*WHAT IS EXPECTED:*
Would you reproduce the whole listing exactly, dropping any pictures it holds?

----

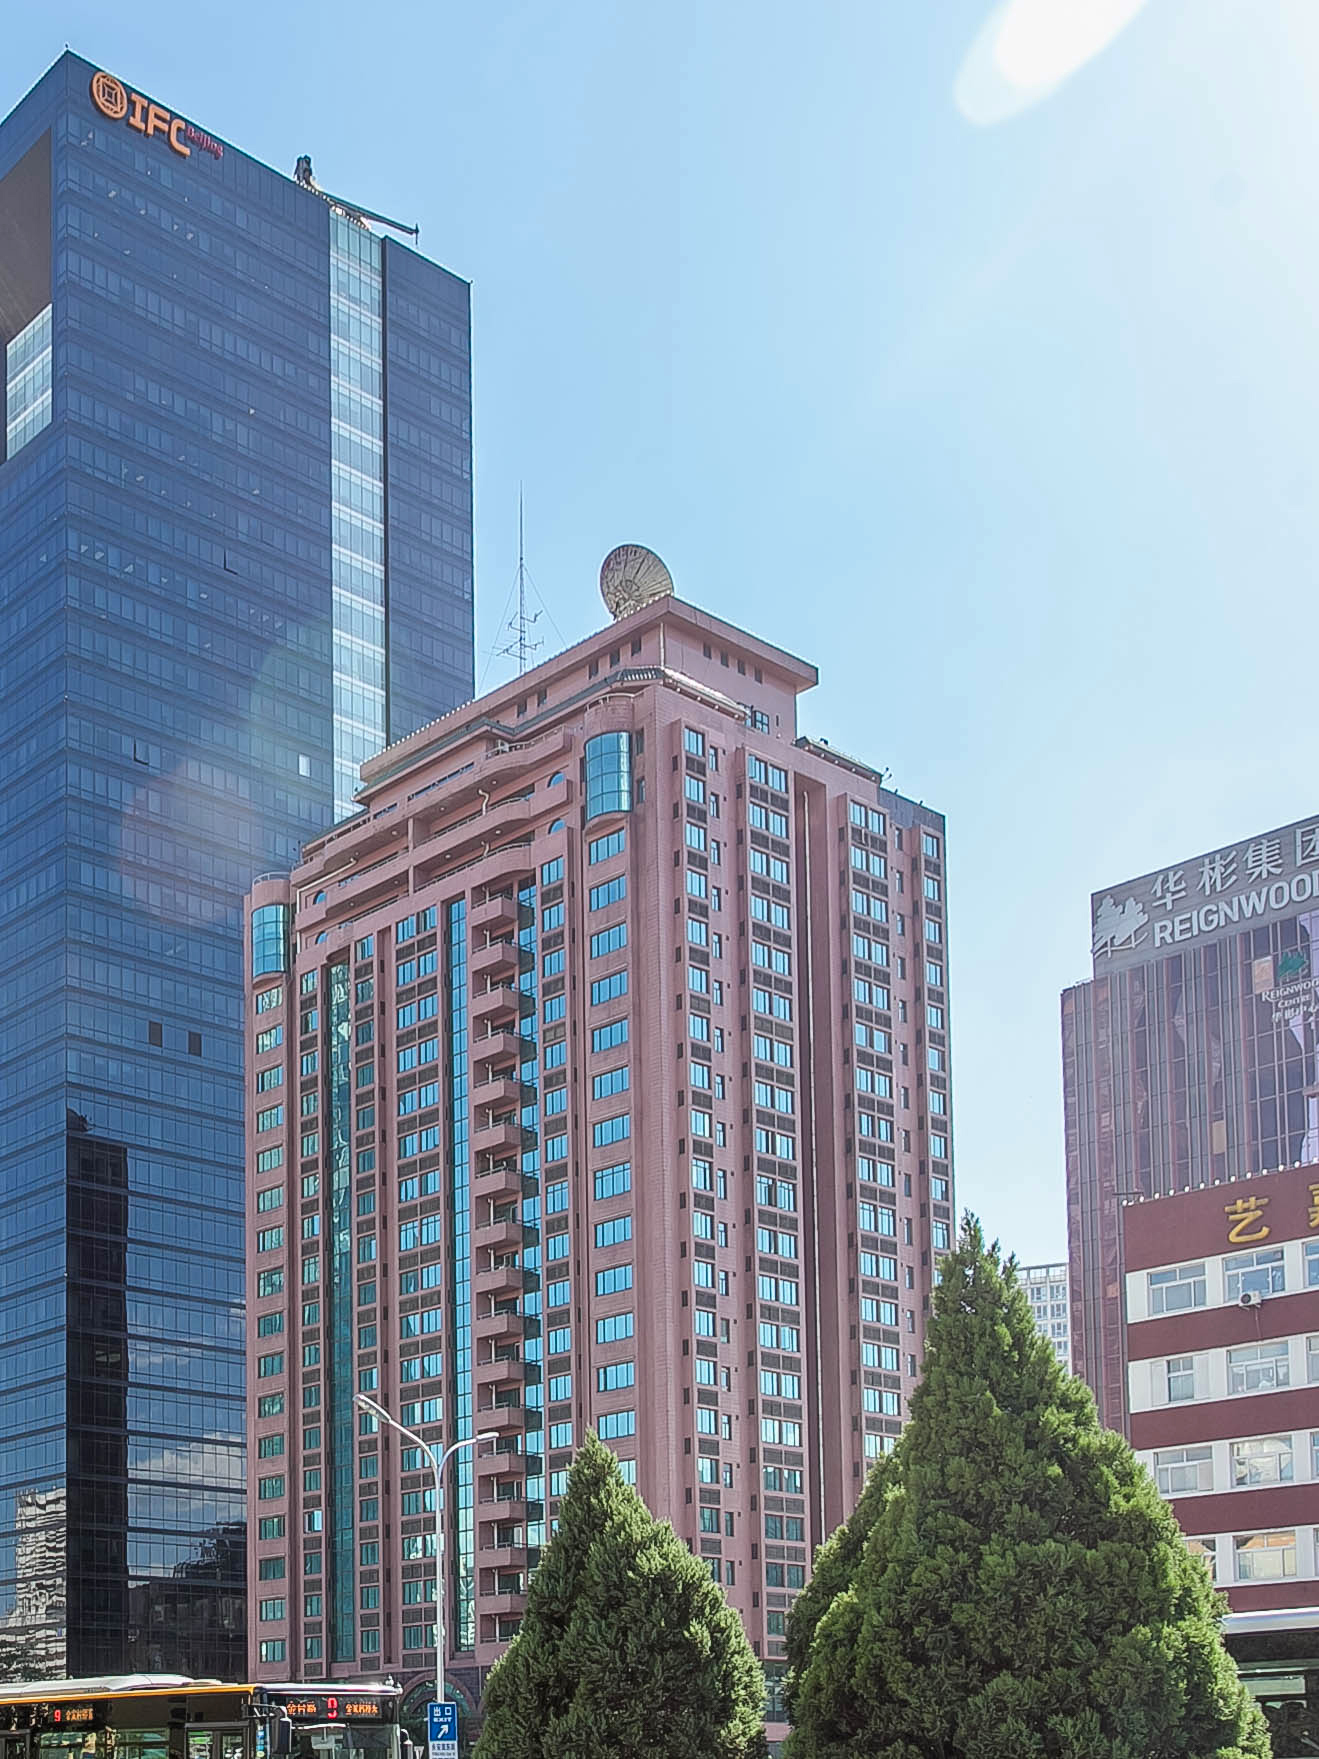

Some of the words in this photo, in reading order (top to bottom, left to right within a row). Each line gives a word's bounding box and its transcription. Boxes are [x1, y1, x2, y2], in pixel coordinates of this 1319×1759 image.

[129, 92, 191, 157] IFC
[1150, 824, 1319, 912] 华彬集团
[54, 1709, 61, 1722] 9
[433, 1706, 452, 1716] 出口
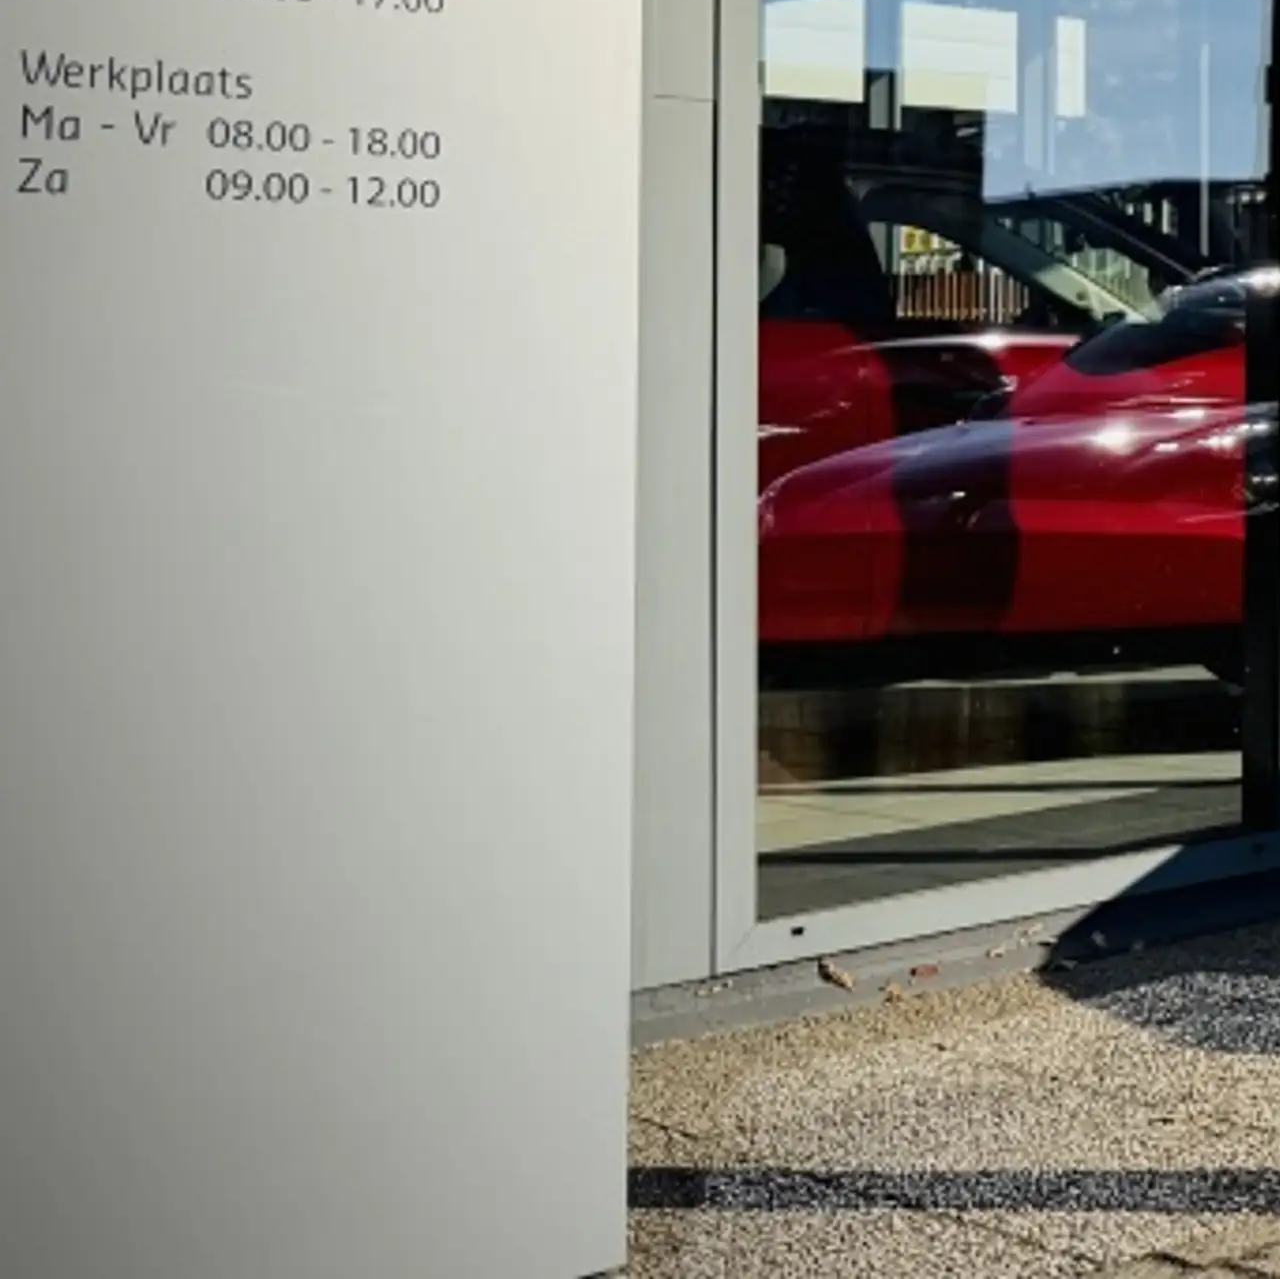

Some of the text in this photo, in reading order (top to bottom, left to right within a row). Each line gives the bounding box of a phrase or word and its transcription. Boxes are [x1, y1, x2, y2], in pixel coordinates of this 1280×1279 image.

[20, 49, 253, 101] Werkplaats
[20, 103, 81, 142] Ma
[133, 109, 177, 147] Vr
[206, 116, 312, 153] 08.00
[348, 126, 441, 160] 18.00
[16, 157, 69, 196] Za
[205, 168, 310, 205] 09.00
[347, 175, 441, 209] 12.00
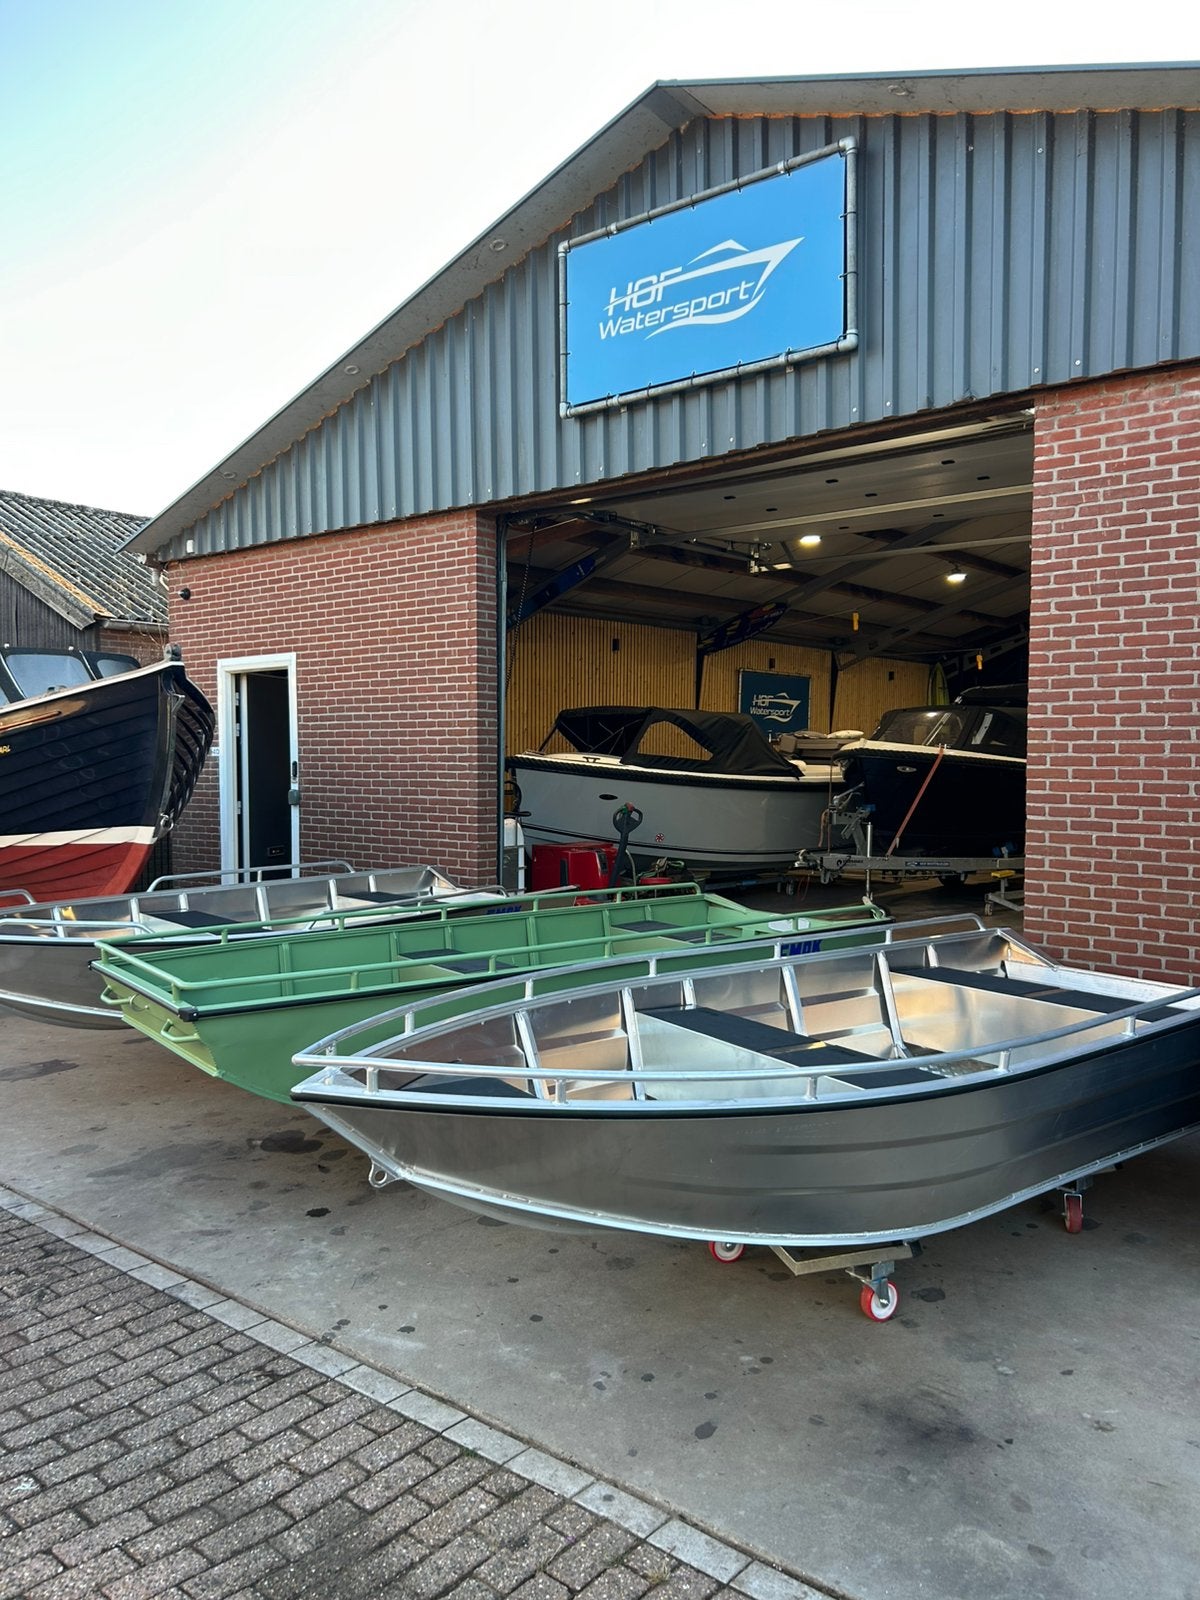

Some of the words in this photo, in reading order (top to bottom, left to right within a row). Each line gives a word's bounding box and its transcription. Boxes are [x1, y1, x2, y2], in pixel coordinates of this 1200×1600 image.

----

*OUTPUT:*
Some of the words in this photo, in reading order (top to bottom, left to right within a row). Each line gives a word's bounding box and its transcription. Boxes are [x1, y1, x2, y2], in pixel coordinates of this 1319×1759 image.

[129, 92, 191, 157] IFC
[1150, 824, 1319, 912] 华彬集团
[54, 1709, 61, 1722] 9
[433, 1706, 452, 1716] 出口

Some of the text in this photo, in reading order (top to bottom, left to right within a row). Each line gives the bounding box of a phrase or word and its transcription. Boxes are [x1, y1, x2, y2], in pixel coordinates of this 1280×1279 image.

[20, 49, 253, 101] Werkplaats
[20, 103, 81, 142] Ma
[133, 109, 177, 147] Vr
[206, 116, 312, 153] 08.00
[348, 126, 441, 160] 18.00
[16, 157, 69, 196] Za
[205, 168, 310, 205] 09.00
[347, 175, 441, 209] 12.00

Some of the words in this photo, in reading order (top to bottom, left to right within a row). Each line gives a word's bounding box and its transcription. Boxes are [x1, y1, x2, y2], in pixel coordinates of this 1200×1600 image.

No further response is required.